The theme of day two at GAFFTA's data visualization and mapping class was where data comes from.* To get under way, Michal Migurski went meta about data, explaining that data doesn't simply hover in the ether, a value-neutral substance waiting to be collected in our nets. Rather, data and data sets represent choices made by the people collecting the data that reflect their point of view, embodied in what and how they choose to measure.
He quoted Australian information designer Mitchell Whitelaw, who blogs at (The Teeming Void):
Accepting data shaped by someone else’s choices is a tacit acceptance of their view of the world, their notion of what is interesting or important or valid. … If we are going to work intelligently with data we must remember that it can always be constructed some other way.
This point seems like an especially important point for journalists just starting to delve into the world of data, which at first glance can seem like an ideal vision of impartiality, a realm of pure factuality that transcends "he said-she said."
Next, Migurski dove into the history of large-scale data collection. Charles Darwin cousin and quintessential Victorian gentleman scientist Sir Francis Galton ** helped launch the field of modern meteorology by orchestrating _ presumably through telegrams and letters sent weeks in advance _ the simultaneous collection of weather data across Europe. From that effort Galton produced possibly the first specimen of the modern weathermap. (He also apparently originated the practice of publishing weathermaps in newspapers.)
Migurski said when you think about the logistics involved in coordinating a continent-wide data collection effort in the days when the telegraph and the steam train were the most advanced technologies you had to work with, you start to appreciate how much we take for granted the wealth of data available today. After all, what's more mundane than a weather map? Migurski pointed to the Tagging of Pacific Predators program, in which Northern California marine biologists tagged great white sharks and built a Web interface that let anyone track their location in near-real time.
"Collecting data used to be a major major network problem," Migurski said. "Now you can just strap transmitters to animals."

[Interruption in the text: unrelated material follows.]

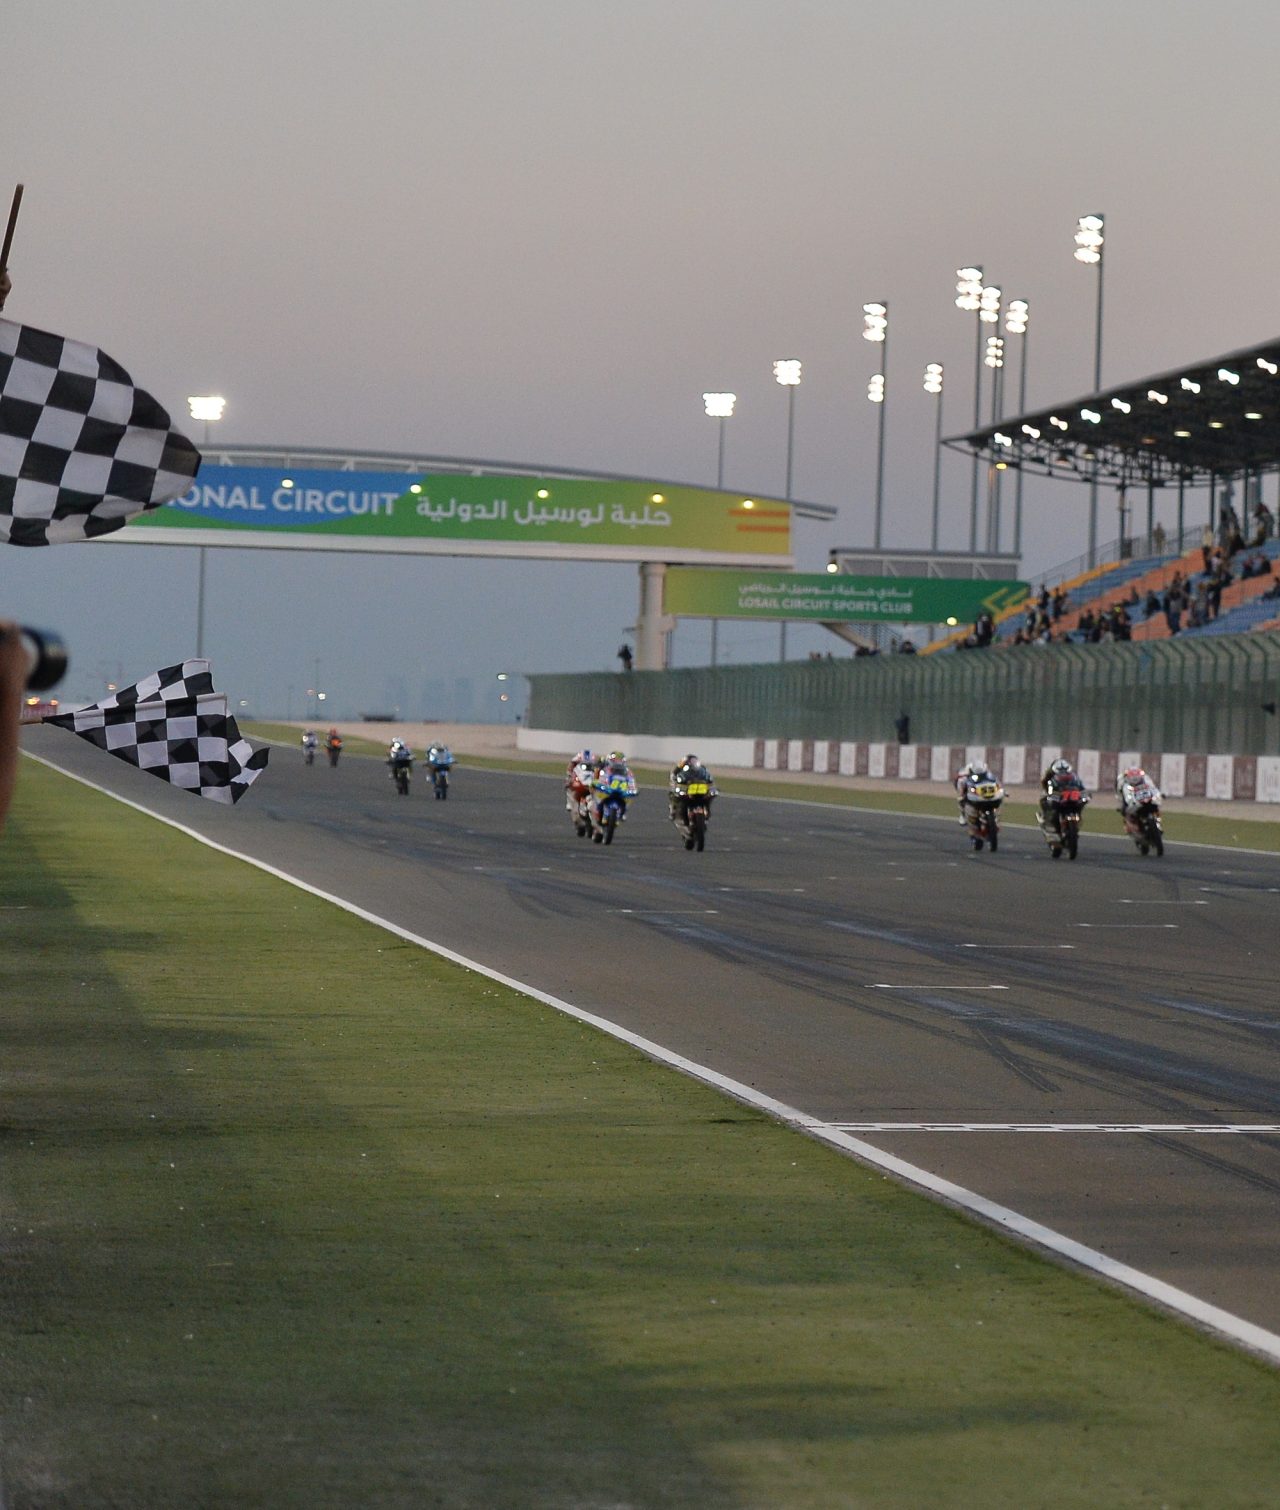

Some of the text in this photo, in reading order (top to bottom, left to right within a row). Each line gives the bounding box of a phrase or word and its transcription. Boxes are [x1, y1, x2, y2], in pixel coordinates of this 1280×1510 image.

[272, 488, 399, 516] CIRCUIT
[416, 496, 672, 528] حلبة لوسيل الدولية
[738, 597, 913, 614] LOSAIL CIRCUIT SPORTS CLUB

Other troves accessible to data sleuths include the firehose of public social media data unleashed mainly by Twitter. We talked briefly about how to filter Twitter's Streaming API to cull tweets from specific locations, timeframes and keyword searches. Click here for a real-time JSON-structured stream from the Twitter firehose, but be warned: Migurski said let this run for too long and your machine will crash. Migurski showed us how he used a slice of geotagged Twitter data to plot tweets on a map of San Francisco that referenced various burrito-related keywords.
Speaking of JSON, Migurski introduced the concept to we noobs who had heard the term but couldn't quite work out what it meant or why it mattered. We learned that geoJSON offers the most powerful way to structure your data for mapping purposes, since many mapping applications have the standard baked in. (Twitter's streaming API and JSON have moved to the top of the "must tinker with" list.)
Compared to the first class, day two definitely journeyed deeper into the geek jungle of script libraries and structured data. But I'm hanging on and eager to take a crack at a first project. The more I learn, the more apparent the benefits of mastering these tools becomes.